Die Verzögerung für den Eintritt eines regulierten Marktes beliefe sich damit auf deutlich weniger als drei Monate. Und der verbliebene Konzessionszeitraum läge im Falle des Inkrafttretens des künftigen Staatsvertrags dann immer noch auf volle zwei Jahre.

Zur künftigen Rolle des Glücksspielkollegiums

Mit der Neubekanntmachung wären zugleich Transparenzbedenken des Verwaltungsgerichts ausgeräumt, wenngleich nicht insgesamt erschöpft. Eine Antwort müssten die Länder nämlich auch auf die Bedenken hinsichtlich der Rolle des Glücksspielkollegiums finden. Das betrifft vor allem die Bindungswirkung. Sie haben sich hier in der Vergangenheit schon nicht ungeschickt damit beholfen, Entscheidungen einstimmig oder mit Enthaltungen anstatt mit Gegenstimmen zu treffen und vor allem nicht gegen die Stimmung des Landes, das die verfahrensführende Behörde innehat.

Diese Handhabung ließe sich auch für das Sportwettkonzessionsverfahren anwenden. Im Falle streitiger Entscheidungen würde die unterlegene Minderheit durch Stimmenthaltung einlenken. Beispiele hierfür gibt es aus dem Bereich der gewerblichen Spielvermittlung und der Lotterieveranstaltungsgenehmigungen. Sowohl das Entscheidungsquorum im Glücksspielkollegium als auch die Bindungswirkung der Entscheidung für die verfahrensführende Behörde würden dann keine verfassungsrechtlichen Probleme mehr aufwerfen, die bei der konkreten Entscheidung durchschlagen.

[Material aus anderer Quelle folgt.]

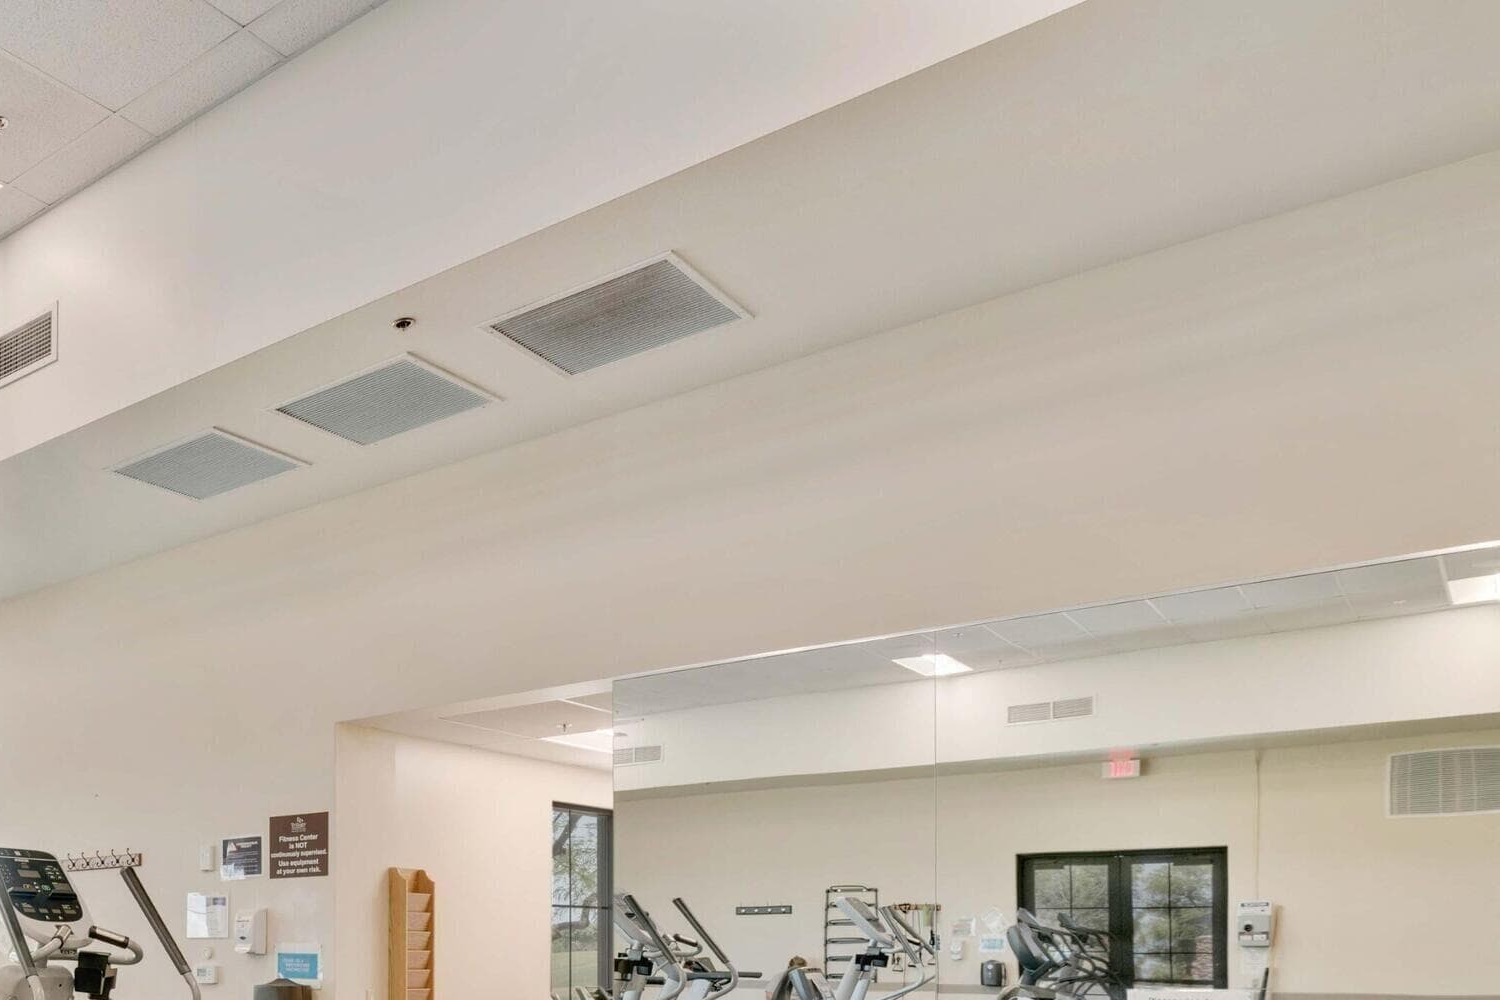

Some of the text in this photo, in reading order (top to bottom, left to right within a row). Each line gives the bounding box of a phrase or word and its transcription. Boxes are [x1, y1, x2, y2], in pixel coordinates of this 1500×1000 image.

Den Beanstandungen des transparenten Entscheidungsprozesses innerhalb des Glücksspielkollegiums trägt die Geschäftsordnung bereits großenteils Rechnung, die das Glücksspielkollegium sich vor langer Zeit gegeben hat. Zum Teil kann ihnen noch Rechnung getragen werden, wenn man dies will. Beanstandungen durch einzelne Bundesländer müssten vorab mitgeteilt und mit einer Vorlage für die übrigen Bundesländer überprüfbar gestaltet werden. Soweit Gegenstand der Erörterung ein Erlaubnisantrag oder ein Vorgehen gegenüber Glückspielanbietern ist, müsste diesen Gelegenheit zur Stellungnahme gegenüber dem Glückspielkollegium in einer Weise gegeben werden, die das Recht auf rechtliches Gehör gewährleistet (s.o.).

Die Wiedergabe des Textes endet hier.